-- ENTRIES SHOWN --

::::

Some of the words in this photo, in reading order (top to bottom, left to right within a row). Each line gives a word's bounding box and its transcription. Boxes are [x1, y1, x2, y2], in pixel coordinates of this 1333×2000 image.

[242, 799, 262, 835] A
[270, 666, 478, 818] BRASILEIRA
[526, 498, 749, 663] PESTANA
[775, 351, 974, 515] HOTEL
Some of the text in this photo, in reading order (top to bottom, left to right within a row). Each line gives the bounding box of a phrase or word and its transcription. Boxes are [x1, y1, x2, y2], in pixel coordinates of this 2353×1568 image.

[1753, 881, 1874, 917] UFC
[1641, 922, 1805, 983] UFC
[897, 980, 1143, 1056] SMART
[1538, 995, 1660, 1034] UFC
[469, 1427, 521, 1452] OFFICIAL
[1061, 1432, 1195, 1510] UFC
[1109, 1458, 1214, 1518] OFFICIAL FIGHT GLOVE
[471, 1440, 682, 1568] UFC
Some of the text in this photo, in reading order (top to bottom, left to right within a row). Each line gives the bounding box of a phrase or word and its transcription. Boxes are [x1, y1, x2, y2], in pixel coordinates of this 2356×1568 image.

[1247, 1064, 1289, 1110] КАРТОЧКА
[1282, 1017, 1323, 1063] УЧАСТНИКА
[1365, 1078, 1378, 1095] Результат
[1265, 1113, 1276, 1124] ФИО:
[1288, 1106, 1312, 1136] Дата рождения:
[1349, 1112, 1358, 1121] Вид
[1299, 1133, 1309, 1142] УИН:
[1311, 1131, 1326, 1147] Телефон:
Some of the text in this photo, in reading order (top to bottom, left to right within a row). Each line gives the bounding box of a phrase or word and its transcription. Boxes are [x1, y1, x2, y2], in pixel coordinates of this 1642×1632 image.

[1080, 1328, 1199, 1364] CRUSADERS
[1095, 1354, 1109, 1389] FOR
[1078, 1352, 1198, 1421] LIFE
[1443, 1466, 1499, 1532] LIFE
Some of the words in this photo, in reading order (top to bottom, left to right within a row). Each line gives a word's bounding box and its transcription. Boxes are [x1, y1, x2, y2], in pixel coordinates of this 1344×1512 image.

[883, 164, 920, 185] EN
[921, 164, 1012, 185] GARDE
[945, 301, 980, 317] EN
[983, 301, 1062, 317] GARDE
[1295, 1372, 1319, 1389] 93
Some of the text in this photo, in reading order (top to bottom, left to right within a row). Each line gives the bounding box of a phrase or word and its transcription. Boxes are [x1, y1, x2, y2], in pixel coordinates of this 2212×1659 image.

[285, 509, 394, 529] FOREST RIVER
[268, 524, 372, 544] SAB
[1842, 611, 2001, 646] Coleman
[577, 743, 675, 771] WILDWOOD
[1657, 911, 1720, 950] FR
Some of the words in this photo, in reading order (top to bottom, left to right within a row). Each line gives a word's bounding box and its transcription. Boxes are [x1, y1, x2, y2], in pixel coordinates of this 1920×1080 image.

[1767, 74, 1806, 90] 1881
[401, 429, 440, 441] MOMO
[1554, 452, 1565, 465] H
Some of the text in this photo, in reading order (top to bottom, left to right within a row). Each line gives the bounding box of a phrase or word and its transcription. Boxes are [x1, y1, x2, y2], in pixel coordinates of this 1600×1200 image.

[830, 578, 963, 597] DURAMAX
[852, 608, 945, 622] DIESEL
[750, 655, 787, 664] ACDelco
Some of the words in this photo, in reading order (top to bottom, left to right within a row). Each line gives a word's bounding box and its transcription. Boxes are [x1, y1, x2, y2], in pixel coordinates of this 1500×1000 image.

::::

-- AIM OF THE TASK --
Reproduce every record word for word.

-- RESPONSE AREA --
Some of the words in this photo, in reading order (top to bottom, left to right within a row). Each line gives a word's bounding box and its transcription. Boxes are [x1, y1, x2, y2], in pixel coordinates of this 1333×2000 image.

[242, 799, 262, 835] A
[270, 666, 478, 818] BRASILEIRA
[526, 498, 749, 663] PESTANA
[775, 351, 974, 515] HOTEL
Some of the text in this photo, in reading order (top to bottom, left to right within a row). Each line gives the bounding box of a phrase or word and its transcription. Boxes are [x1, y1, x2, y2], in pixel coordinates of this 2353×1568 image.

[1753, 881, 1874, 917] UFC
[1641, 922, 1805, 983] UFC
[897, 980, 1143, 1056] SMART
[1538, 995, 1660, 1034] UFC
[469, 1427, 521, 1452] OFFICIAL
[1061, 1432, 1195, 1510] UFC
[1109, 1458, 1214, 1518] OFFICIAL FIGHT GLOVE
[471, 1440, 682, 1568] UFC
Some of the text in this photo, in reading order (top to bottom, left to right within a row). Each line gives the bounding box of a phrase or word and its transcription. Boxes are [x1, y1, x2, y2], in pixel coordinates of this 2356×1568 image.

[1247, 1064, 1289, 1110] КАРТОЧКА
[1282, 1017, 1323, 1063] УЧАСТНИКА
[1365, 1078, 1378, 1095] Результат
[1265, 1113, 1276, 1124] ФИО:
[1288, 1106, 1312, 1136] Дата рождения:
[1349, 1112, 1358, 1121] Вид
[1299, 1133, 1309, 1142] УИН:
[1311, 1131, 1326, 1147] Телефон:
Some of the text in this photo, in reading order (top to bottom, left to right within a row). Each line gives the bounding box of a phrase or word and its transcription. Boxes are [x1, y1, x2, y2], in pixel coordinates of this 1642×1632 image.

[1080, 1328, 1199, 1364] CRUSADERS
[1095, 1354, 1109, 1389] FOR
[1078, 1352, 1198, 1421] LIFE
[1443, 1466, 1499, 1532] LIFE
Some of the words in this photo, in reading order (top to bottom, left to right within a row). Each line gives a word's bounding box and its transcription. Boxes are [x1, y1, x2, y2], in pixel coordinates of this 1344×1512 image.

[883, 164, 920, 185] EN
[921, 164, 1012, 185] GARDE
[945, 301, 980, 317] EN
[983, 301, 1062, 317] GARDE
[1295, 1372, 1319, 1389] 93
Some of the text in this photo, in reading order (top to bottom, left to right within a row). Each line gives the bounding box of a phrase or word and its transcription. Boxes are [x1, y1, x2, y2], in pixel coordinates of this 2212×1659 image.

[285, 509, 394, 529] FOREST RIVER
[268, 524, 372, 544] SAB
[1842, 611, 2001, 646] Coleman
[577, 743, 675, 771] WILDWOOD
[1657, 911, 1720, 950] FR
Some of the words in this photo, in reading order (top to bottom, left to right within a row). Each line gives a word's bounding box and its transcription. Boxes are [x1, y1, x2, y2], in pixel coordinates of this 1920×1080 image.

[1767, 74, 1806, 90] 1881
[401, 429, 440, 441] MOMO
[1554, 452, 1565, 465] H
Some of the text in this photo, in reading order (top to bottom, left to right within a row). Each line gives the bounding box of a phrase or word and its transcription. Boxes are [x1, y1, x2, y2], in pixel coordinates of this 1600×1200 image.

[830, 578, 963, 597] DURAMAX
[852, 608, 945, 622] DIESEL
[750, 655, 787, 664] ACDelco
Some of the words in this photo, in reading order (top to bottom, left to right within a row). Each line gives a word's bounding box and its transcription. Boxes are [x1, y1, x2, y2], in pixel coordinates of this 1500×1000 image.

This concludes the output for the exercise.